Covers the fall of the Death Guard to Nurgle and their reasons for joining Horus. 

THE MASTER OF MANKIND - AARON DEMBSKI-BOWDEN

I think the title says it all.


Novella's  

SCORCHED EARTH - NICK KYME

Set on Istvaan V after the dropsite massacre, and after the traitor fleets have moved onto other campaigns, this focuses on a group of loyalist survivors and specifically a pair of Salamander marines searching for their Primarch Vulkan, who is missing and assumed dead following the massacre.

TALLARN - JOHN FRENCH

This covers the massive tank battle mentioned in Bill King’s short story on the planet Tallarn. Apparently, and the author was very explicit in this, the battle involves 10,000,000 tanks. 

CORAX - GAV THORPE

A follow on to Deliverance Lost, this will feature the Raven Guard assaulting an Adeptus Mechanicus forge world under traitor control. Literally, what Corax did after 'Deliverance Lost', attacking a forge world which had begun producing daemon engines. Also described is a "battle" between two floating cities which "broadside" each other for weeks while assault troops jump back and forth between them.

CYBERNETICA - ROB SANDERS

A story about loyalist resistance to the Dark Mechanicum forces controlling Mars.


Short Stories 

THE DIVINE WORD - GAV THORPE

Ever wondered what Marcus Valerius did after the events of Raven’s Flight and Deliverance Lost? Gav returns to the Imperial Army officer in the middle of a massive battle which isn’t going well…

LOST SONS - JAMES SWALLOW

More Horus Heresy Blood Angels from the author of Fear to Tread? Oh yes. This is about the legionaries left behind on Baal. How do they feel about that? And just what does that Space Marine in unmarked grey armour want with them?

THE GATES OF TERRA - NICK KYME

Captain Arcadese of the Ultramarines is at the controls of an orbital artillery platform, the Vengeful Spirit makes its appearance, and with it a gigantic fleet of rebel vessels. 

Three further anthologies have been announced:

MARK OF CALTH 

Anthology featuring stories from the Ultramar side of the war, for years after Calth. Confirmed are:

1) 'Calth That Was' (Graham McNeill) novella which links Remus Ventanus to the 40k Ultramarines continuity, along with Maloq Kartho before he becomes a daemon prince.
2) 'The Shards of Erebus' (Guy Haley) showing how Erebus learned to do his warp-travel thing, and where he got his athame dagger.
3) 'Unmarked' (Dan Abnett) following Oll Persson as he leaves Calth.
4) 'The Underworld War' (Aaron Dembski-Bowden) showing the expansion of the Gal Vorbak, and how they realise they've been left for dead by their Legion.
5) 'Athame' (John French) which is apparently a very "odd" story, following a particular knife. All we said was that it's not Erebus's knife.
6) 'Dark Heart (Anthony Reynolds) Marduk on Calth.

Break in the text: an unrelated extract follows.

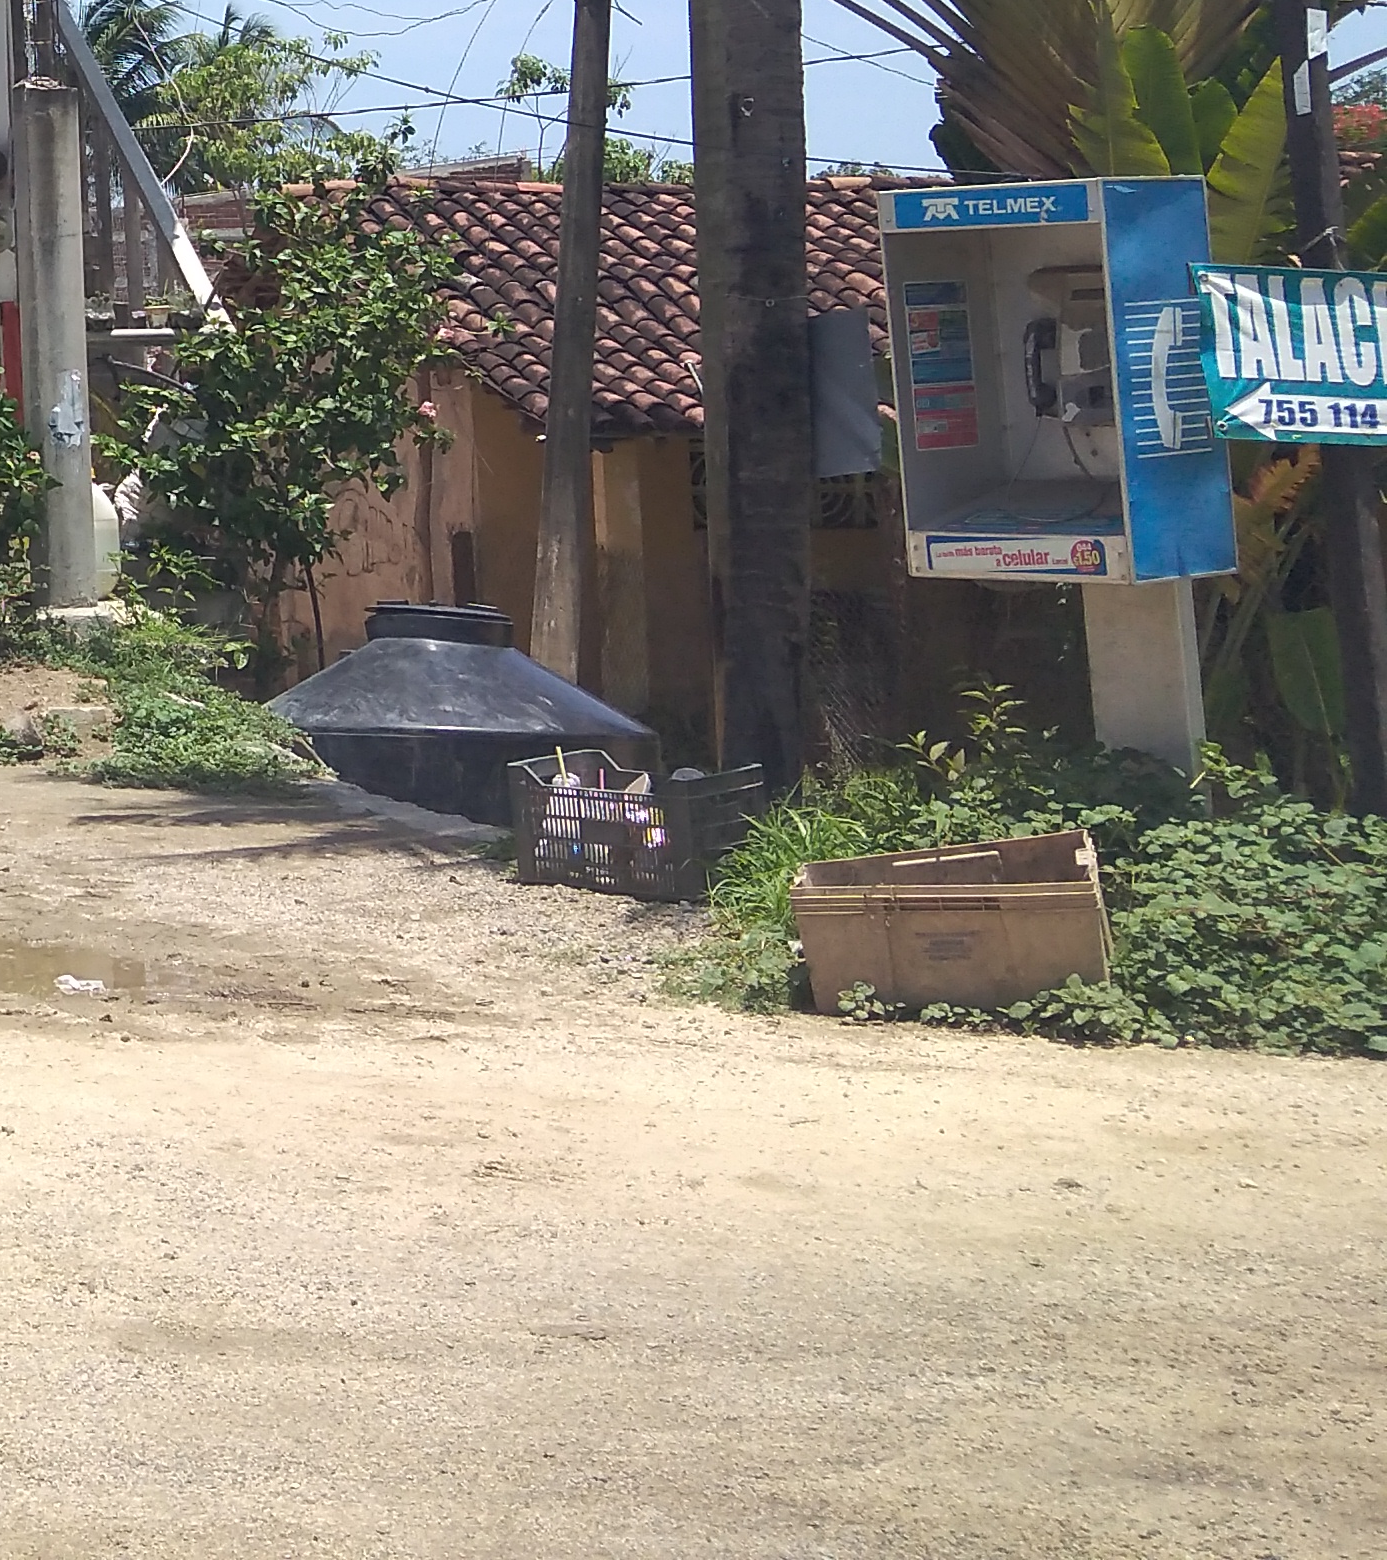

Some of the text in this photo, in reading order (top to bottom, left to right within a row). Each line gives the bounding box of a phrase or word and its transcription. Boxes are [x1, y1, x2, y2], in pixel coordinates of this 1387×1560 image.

[964, 196, 1057, 216] TELMEX
[1258, 398, 1380, 429] 755 114
[1002, 549, 1050, 567] celular
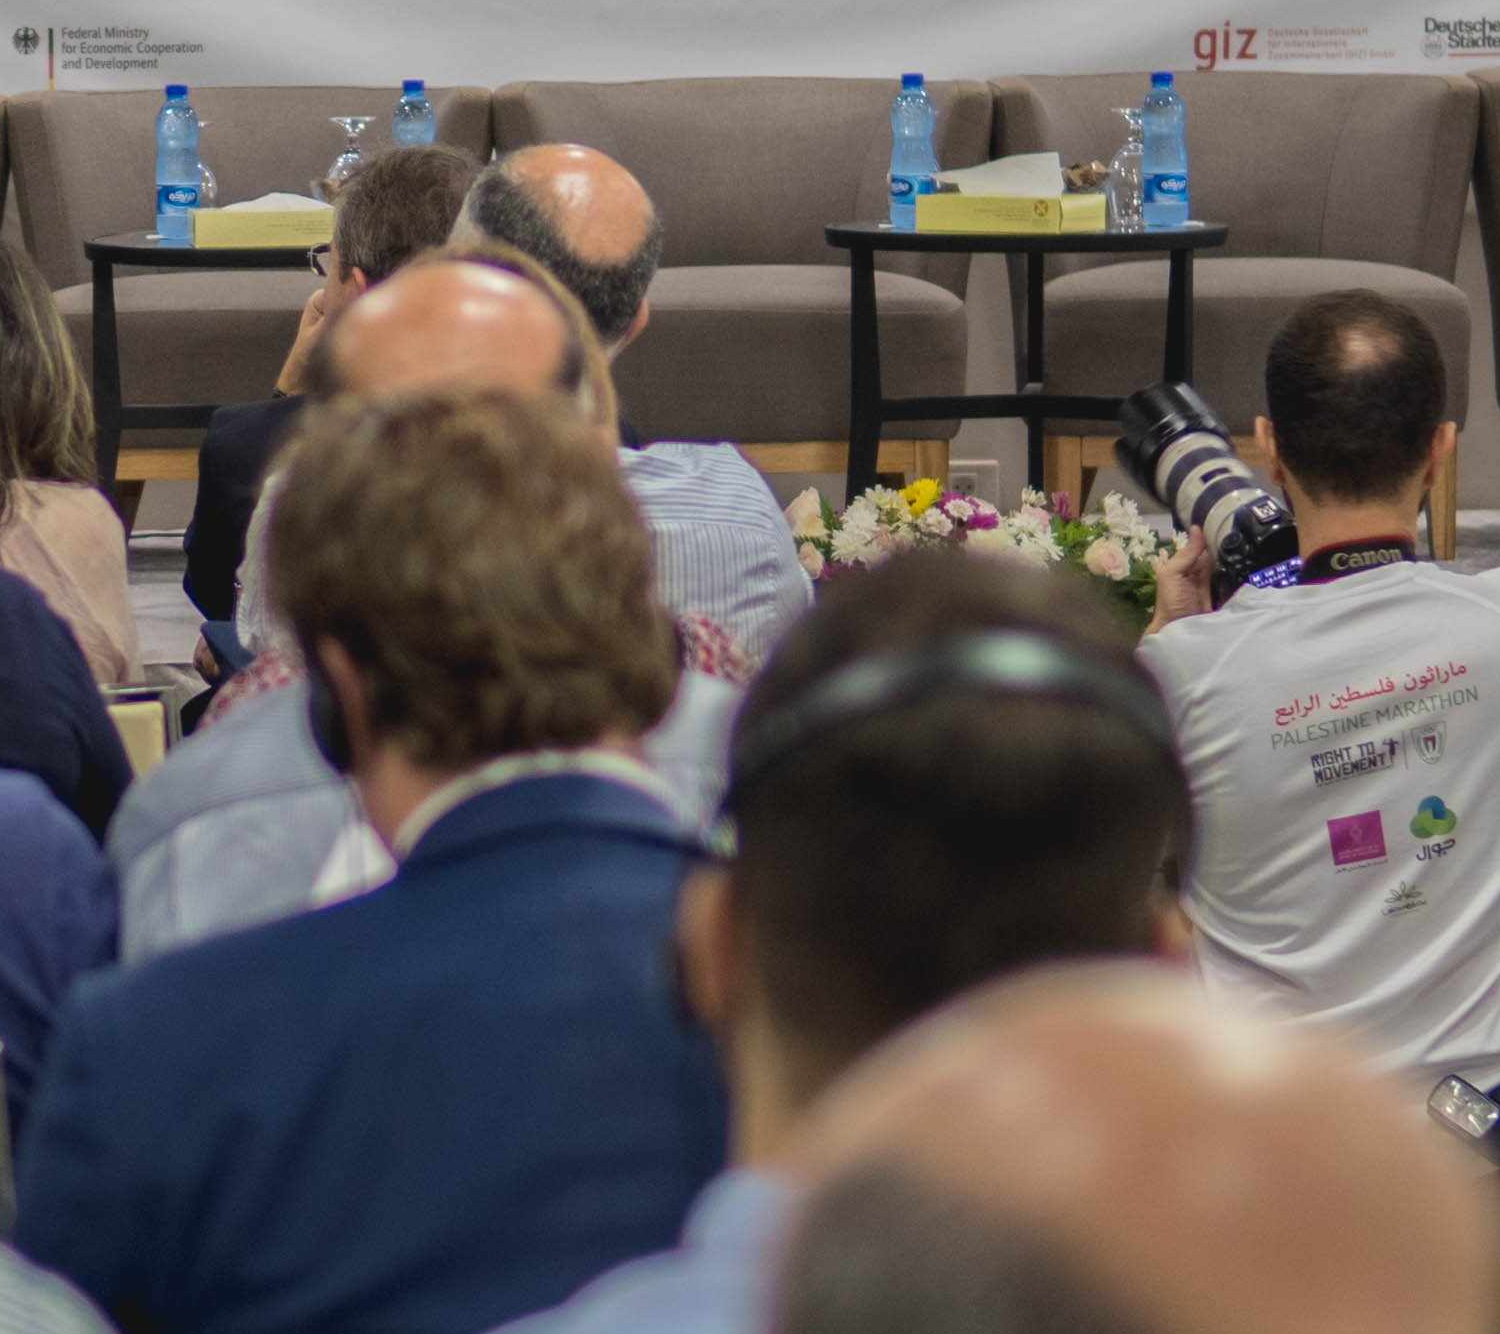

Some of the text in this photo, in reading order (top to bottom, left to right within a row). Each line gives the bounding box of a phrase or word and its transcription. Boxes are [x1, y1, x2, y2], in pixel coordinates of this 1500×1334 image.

Also confirmed are Rob Sanders and David Annandale.

SHATTERED LEGIONS 

This focuses on the three legions shattered during the dropsite massacre – the Salamanders, Iron Hands and Raven Guard – and their response and actions after the incident on Istvaan V.

THE SILENT WAR 

This covers the war in the shadows, and may involve the Sigillite, assassins, and the psychological warfare aspect. No real details


Audio Books

SIGILLITE - CHRIS WRAIGHT

Warmaster Horus has divided the Imperium in a bloody civil war, but while his armies prepare for battle the Emperor himself remains curiously absent. In his place stands Malcador – legendary Sigillite, First Lord of Terra and regent to the throne, and now arguably the single most powerful man in the entire galaxy. Imperial Army officer Hasani Sabbyat is seconded to Malcador’s command for a secret mission into the wastelands of Gyptus, and along the way he learns the truth behind the Heresy and a great deal more about the destiny of mankind. Where do Malcador’s true loyalties lie? Audio drama which hints at who Malcador actually is, and what his role is supposed to be in the Emperor's grand plans. Also laying the foundations for the Webway War.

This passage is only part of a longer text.